Assignment: Repeat, line for line, the entries printed below.

(Stored items from a collection)

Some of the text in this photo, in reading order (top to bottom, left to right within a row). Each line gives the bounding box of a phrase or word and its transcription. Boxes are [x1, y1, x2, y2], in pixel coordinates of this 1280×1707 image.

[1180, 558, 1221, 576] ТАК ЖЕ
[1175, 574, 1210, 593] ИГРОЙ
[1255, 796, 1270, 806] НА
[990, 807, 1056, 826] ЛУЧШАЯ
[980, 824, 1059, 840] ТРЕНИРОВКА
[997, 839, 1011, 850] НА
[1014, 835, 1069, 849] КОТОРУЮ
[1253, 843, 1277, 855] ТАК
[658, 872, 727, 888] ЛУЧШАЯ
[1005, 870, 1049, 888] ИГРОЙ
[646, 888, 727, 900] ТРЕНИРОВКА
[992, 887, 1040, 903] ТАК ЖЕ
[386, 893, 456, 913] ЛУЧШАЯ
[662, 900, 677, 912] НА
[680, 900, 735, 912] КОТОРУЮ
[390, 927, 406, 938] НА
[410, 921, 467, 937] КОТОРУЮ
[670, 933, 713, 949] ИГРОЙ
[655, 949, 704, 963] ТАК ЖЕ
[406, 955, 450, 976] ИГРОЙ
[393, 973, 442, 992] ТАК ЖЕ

Result of this exercise:
Some of the text in this photo, in reading order (top to bottom, left to right within a row). Each line gives the bounding box of a phrase or word and its transcription. Boxes are [x1, y1, x2, y2], in pixel coordinates of this 1280×1707 image.

[1180, 558, 1221, 576] ТАК ЖЕ
[1175, 574, 1210, 593] ИГРОЙ
[1255, 796, 1270, 806] НА
[990, 807, 1056, 826] ЛУЧШАЯ
[980, 824, 1059, 840] ТРЕНИРОВКА
[997, 839, 1011, 850] НА
[1014, 835, 1069, 849] КОТОРУЮ
[1253, 843, 1277, 855] ТАК
[658, 872, 727, 888] ЛУЧШАЯ
[1005, 870, 1049, 888] ИГРОЙ
[646, 888, 727, 900] ТРЕНИРОВКА
[992, 887, 1040, 903] ТАК ЖЕ
[386, 893, 456, 913] ЛУЧШАЯ
[662, 900, 677, 912] НА
[680, 900, 735, 912] КОТОРУЮ
[390, 927, 406, 938] НА
[410, 921, 467, 937] КОТОРУЮ
[670, 933, 713, 949] ИГРОЙ
[655, 949, 704, 963] ТАК ЖЕ
[406, 955, 450, 976] ИГРОЙ
[393, 973, 442, 992] ТАК ЖЕ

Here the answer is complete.